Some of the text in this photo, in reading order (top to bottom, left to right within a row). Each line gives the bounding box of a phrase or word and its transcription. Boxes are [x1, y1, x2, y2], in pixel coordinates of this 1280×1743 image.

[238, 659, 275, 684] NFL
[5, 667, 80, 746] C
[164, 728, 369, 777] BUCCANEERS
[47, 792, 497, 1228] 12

════════════════════

All the records above need to be set down again exactly as they were given.

Some of the text in this photo, in reading order (top to bottom, left to right within a row). Each line gives the bounding box of a phrase or word and its transcription. Boxes are [x1, y1, x2, y2], in pixel coordinates of this 1280×1743 image.

[238, 659, 275, 684] NFL
[5, 667, 80, 746] C
[164, 728, 369, 777] BUCCANEERS
[47, 792, 497, 1228] 12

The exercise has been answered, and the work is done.